Appl Environ Microbiol. 1996 Jul;62(7):2443-8. doi: 10.1128/aem.62.7.2443-2448.1996.

DOI:10.1128/aem.62.7.2443-2448.1996
PMID:8779584
原文链接:https://pmc.ncbi.nlm.nih.gov/articles/PMC168027/
Abstract

A highly repeated DNA sequence from the genome of an arbuscular mycorrhizal fungus has been isolated and characterized. This 1,202-bp sequence (SC1) represents about 0.24% of the Scutellospora castanea genome, estimated to be 1 pg by flow cytometry. The sequence was shown to be a Scutellospora-specific probe in Southern blots and dot blot hybridizations. After complete sequencing of SC1, PCR primers were generated and used to amplify a 907-bp fragment from spores of S. castanea or from colonized Allium porrum roots.

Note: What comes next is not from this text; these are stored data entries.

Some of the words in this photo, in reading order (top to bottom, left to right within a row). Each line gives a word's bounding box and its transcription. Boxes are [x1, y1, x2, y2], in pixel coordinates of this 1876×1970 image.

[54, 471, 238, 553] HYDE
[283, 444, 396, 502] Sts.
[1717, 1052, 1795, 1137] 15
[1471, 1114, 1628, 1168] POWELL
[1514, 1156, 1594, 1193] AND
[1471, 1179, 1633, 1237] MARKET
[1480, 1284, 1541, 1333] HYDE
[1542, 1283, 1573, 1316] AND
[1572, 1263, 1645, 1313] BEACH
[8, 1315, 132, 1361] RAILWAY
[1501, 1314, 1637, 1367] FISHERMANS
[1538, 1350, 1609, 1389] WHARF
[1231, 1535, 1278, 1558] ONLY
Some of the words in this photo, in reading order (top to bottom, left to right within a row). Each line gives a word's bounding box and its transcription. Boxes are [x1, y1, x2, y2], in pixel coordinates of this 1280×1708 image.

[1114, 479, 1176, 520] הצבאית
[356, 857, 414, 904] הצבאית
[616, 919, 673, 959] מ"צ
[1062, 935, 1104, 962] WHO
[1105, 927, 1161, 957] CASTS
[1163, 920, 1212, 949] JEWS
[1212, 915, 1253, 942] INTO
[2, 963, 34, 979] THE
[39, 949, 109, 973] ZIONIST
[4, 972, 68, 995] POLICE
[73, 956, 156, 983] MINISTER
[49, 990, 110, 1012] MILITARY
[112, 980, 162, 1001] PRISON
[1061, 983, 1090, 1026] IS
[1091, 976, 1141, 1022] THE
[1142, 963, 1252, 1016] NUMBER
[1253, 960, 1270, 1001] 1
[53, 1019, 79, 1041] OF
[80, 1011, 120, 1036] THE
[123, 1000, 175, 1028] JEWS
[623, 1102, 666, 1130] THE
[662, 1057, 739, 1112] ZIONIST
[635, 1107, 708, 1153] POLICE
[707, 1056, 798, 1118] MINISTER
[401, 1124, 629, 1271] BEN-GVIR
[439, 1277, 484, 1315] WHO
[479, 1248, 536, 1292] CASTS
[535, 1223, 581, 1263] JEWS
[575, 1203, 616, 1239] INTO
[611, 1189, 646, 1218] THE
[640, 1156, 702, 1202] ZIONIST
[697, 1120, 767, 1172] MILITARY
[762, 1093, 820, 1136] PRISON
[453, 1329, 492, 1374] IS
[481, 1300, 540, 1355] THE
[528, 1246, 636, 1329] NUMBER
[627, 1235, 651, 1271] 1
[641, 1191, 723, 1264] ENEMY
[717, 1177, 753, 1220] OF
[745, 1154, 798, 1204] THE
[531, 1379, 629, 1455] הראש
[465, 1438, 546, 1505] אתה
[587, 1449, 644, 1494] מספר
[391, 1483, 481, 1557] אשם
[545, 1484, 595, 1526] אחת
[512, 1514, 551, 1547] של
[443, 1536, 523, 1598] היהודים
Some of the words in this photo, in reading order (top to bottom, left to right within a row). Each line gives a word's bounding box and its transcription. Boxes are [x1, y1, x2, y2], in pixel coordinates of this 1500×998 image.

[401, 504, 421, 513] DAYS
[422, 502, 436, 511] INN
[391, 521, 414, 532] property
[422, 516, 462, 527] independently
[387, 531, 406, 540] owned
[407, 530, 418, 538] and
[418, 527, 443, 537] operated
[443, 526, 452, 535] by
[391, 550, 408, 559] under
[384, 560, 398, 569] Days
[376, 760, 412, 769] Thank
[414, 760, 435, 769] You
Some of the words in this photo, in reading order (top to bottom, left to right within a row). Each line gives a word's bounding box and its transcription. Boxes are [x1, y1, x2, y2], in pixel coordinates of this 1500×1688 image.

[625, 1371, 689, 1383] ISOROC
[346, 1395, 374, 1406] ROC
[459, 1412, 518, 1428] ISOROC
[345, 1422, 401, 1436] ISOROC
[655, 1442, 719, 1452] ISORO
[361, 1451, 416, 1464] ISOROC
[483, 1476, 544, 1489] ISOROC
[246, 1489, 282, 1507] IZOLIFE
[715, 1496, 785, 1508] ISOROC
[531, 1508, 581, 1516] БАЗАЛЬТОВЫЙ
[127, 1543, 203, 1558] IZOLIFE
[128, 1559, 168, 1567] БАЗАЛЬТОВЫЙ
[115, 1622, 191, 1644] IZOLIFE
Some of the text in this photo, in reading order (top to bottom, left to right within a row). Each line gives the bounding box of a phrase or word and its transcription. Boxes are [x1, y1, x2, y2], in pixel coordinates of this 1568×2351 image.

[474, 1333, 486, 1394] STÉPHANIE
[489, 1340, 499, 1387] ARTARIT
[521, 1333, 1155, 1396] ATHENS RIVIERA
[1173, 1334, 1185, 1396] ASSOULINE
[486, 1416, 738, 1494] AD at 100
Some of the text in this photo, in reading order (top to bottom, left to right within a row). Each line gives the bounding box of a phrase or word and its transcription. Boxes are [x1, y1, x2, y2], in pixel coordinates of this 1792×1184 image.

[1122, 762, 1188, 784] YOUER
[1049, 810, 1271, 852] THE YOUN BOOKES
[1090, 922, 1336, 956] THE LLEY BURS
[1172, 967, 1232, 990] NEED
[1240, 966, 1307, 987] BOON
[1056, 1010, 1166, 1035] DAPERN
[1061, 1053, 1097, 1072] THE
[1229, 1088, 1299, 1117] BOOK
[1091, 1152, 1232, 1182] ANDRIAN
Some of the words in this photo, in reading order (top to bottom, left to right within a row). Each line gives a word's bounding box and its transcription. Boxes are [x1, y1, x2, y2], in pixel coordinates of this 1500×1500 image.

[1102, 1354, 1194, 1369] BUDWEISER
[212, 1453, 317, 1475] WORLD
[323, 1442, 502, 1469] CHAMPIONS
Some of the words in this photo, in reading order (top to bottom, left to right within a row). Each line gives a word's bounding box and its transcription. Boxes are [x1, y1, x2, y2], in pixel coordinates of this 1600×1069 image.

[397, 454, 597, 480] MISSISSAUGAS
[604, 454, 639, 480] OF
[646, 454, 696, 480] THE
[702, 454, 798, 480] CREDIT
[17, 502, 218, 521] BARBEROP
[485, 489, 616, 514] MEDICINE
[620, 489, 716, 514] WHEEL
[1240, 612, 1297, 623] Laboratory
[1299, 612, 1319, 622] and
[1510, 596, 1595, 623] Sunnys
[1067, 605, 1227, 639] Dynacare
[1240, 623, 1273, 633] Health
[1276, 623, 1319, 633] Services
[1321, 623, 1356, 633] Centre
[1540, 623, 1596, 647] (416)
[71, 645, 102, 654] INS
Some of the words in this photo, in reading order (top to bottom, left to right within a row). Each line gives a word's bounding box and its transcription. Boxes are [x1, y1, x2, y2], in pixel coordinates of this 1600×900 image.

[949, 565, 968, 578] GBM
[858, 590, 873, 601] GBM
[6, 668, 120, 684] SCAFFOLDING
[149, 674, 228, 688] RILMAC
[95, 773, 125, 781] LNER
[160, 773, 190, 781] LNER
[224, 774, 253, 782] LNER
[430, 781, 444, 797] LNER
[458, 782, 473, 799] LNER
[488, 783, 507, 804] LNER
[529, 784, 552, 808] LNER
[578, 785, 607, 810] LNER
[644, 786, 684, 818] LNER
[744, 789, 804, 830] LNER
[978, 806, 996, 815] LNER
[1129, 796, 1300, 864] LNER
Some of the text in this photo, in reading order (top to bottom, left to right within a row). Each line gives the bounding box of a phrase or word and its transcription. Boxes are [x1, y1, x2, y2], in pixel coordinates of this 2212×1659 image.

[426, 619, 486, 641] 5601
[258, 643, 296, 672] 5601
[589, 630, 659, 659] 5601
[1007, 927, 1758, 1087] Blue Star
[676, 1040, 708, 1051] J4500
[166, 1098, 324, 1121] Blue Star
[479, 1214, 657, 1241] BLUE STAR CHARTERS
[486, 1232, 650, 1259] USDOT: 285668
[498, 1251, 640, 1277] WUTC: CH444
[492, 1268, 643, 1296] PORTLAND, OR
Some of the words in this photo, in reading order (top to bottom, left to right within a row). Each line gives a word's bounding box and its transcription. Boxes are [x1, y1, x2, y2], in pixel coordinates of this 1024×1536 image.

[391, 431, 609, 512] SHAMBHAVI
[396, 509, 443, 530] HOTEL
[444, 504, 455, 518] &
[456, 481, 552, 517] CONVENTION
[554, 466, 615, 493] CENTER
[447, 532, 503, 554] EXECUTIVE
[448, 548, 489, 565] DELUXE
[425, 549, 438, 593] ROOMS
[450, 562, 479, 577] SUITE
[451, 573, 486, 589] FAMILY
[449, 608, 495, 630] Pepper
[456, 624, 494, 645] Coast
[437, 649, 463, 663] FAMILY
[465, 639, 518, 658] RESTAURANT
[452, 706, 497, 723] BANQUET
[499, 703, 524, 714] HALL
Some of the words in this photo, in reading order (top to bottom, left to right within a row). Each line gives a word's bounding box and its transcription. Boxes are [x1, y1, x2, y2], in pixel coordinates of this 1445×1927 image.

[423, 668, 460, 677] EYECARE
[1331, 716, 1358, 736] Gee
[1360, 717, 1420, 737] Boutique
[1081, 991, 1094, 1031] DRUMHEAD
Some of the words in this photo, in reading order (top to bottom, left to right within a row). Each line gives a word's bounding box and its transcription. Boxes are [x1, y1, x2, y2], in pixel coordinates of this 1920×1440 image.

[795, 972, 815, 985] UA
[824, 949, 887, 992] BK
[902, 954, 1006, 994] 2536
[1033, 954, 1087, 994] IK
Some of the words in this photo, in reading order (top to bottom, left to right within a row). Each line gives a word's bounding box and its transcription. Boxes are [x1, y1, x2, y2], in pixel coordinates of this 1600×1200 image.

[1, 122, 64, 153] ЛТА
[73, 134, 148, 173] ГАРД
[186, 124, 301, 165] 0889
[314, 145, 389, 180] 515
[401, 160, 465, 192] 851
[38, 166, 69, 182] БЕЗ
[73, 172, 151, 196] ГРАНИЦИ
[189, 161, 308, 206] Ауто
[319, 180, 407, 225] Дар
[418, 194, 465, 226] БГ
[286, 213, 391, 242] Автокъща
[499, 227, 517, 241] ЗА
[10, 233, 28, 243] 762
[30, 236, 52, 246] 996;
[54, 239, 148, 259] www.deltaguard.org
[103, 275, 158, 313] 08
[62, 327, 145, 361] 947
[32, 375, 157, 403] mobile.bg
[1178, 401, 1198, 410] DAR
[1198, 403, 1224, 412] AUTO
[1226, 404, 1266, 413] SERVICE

No amplification products were obtained with DNA from either spores or mycorrhizal root of other species of arbuscular mycorrhizal fungi. These primers were sufficiently specific for unequivocal detection of S. castanea in planta.

摘要

一种来自丛枝菌根真菌基因组的高度重复DNA序列已被分离和鉴定。这个1202碱基对的序列(SC1)约占栗色盾孢囊霉基因组的0.24%,通过流式细胞术估计该基因组大小为1皮克。在Southern印迹和斑点杂交中,该序列被证明是栗色盾孢囊霉特异性探针。对SC1进行全序列测定后,设计了PCR引物,并用于从栗色盾孢囊霉的孢子或定殖的葱根中扩增出一个907碱基对的片段。从其他丛枝菌根真菌的孢子或菌根根中提取的DNA未获得扩增产物。这些引物具有足够的特异性,能够在植物中明确检测到栗色盾孢囊霉。